Ever hit the hay after a long run or weight session at the gym? For some, a moderate workout can be the equivalent of a sleeping pill, even for people with insomnia. Moving around five to six hours before bedtime raises the body’s core temperature. When the body temp drops back to normal a few hours later, it signals the body that it’s time to sleep.
Get more done.
Feeling uninspired in the cubicle? The solution might be just a short walk or jog away. Research shows that workers who take time for exercise on a regular basis are more productive and have more energy than their more sedentary peers . While busy schedules can make it tough to squeeze in a gym session in the middle of the day, some experts believe that midday is the ideal time for a workout due to the body’s circadian rhythms.
Tap into creativity.
Most people end a tough workout with a hot shower, but maybe we should be breaking out the colored pencils instead. A heart-pumping gym session can boost creativity for up to two hours afterwards . Supercharge post-workout inspiration by exercising outdoors and interacting with nature (see benefit #4) . Next time you need a burst of creative thinking, hit the trails for a long walk or run to refresh the body and the brain at the same time.

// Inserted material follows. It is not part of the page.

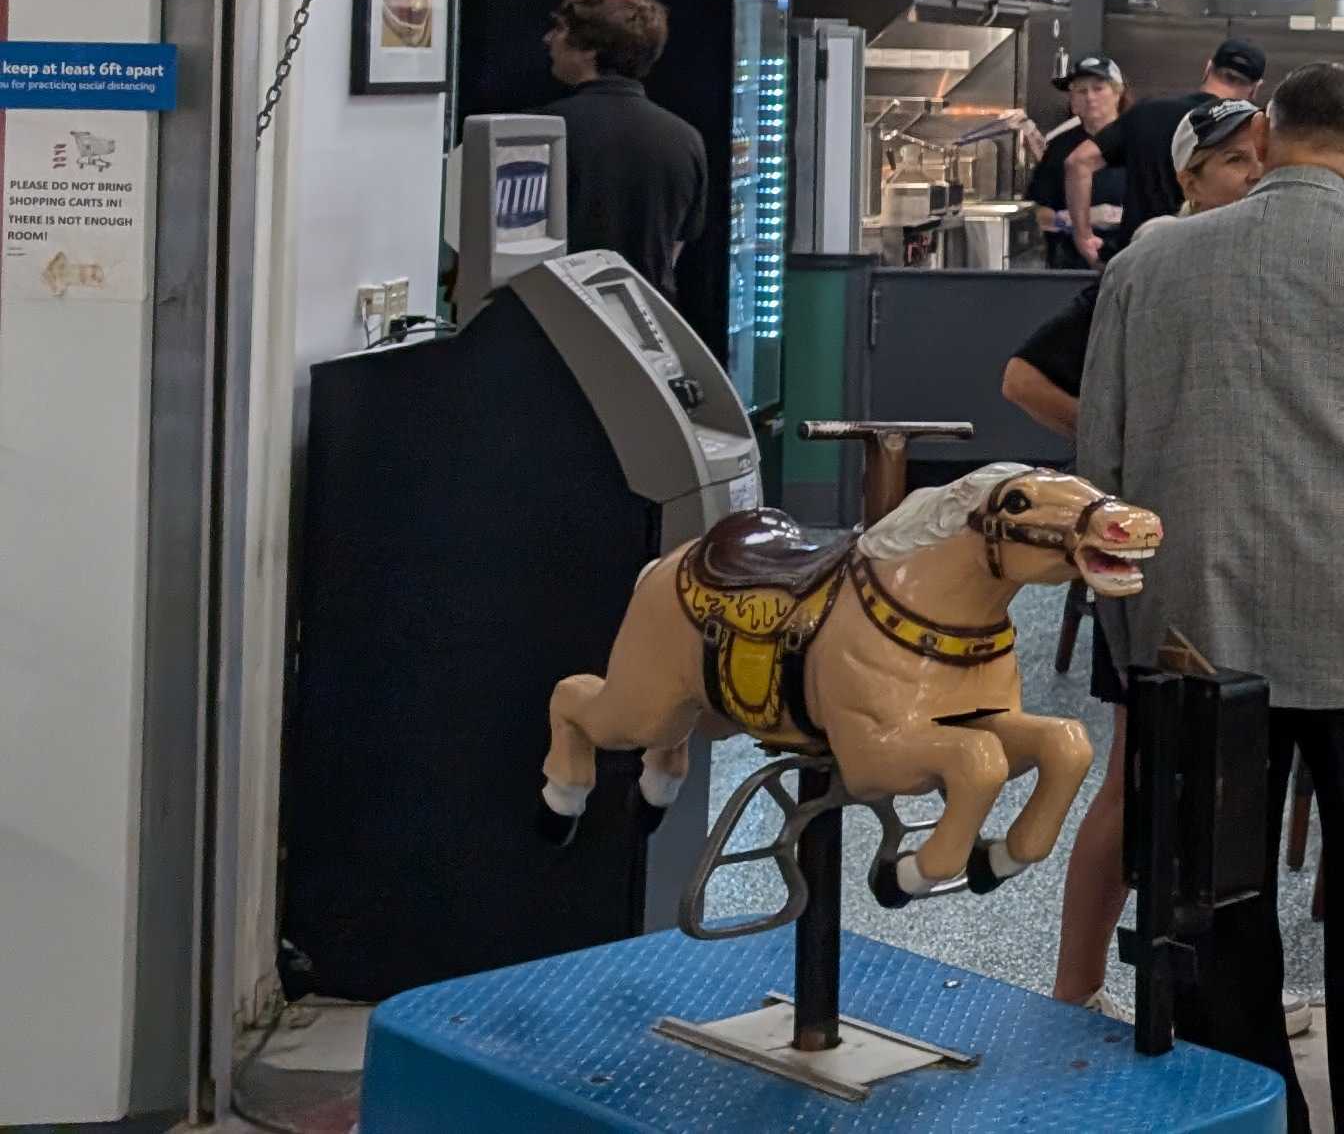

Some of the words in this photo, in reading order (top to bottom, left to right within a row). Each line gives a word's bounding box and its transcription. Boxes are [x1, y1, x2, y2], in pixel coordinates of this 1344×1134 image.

Whether it’s a pick-up game of soccer, a group class at the gym, or just a run with a friend, exercise rarely happens in a bubble. And that’s good news for all of us. Studies show that most people perform better on aerobic tests when paired up with a workout buddy. Pin it to inspiration or good old-fashioned competition, nobody wants to let the other person down. In fact, being part of a team is so powerful that it can actually raise athletes’ tolerances for pain. Even fitness beginners can inspire each other to push harder during a sweat session, so find a workout buddy and get moving!
Working out can have positive effects far beyond the gym (and beach season). Gaining self-confidence, getting out of a funk, and even thinking smarter are some of the motivations to take time for exercise on a regular basis.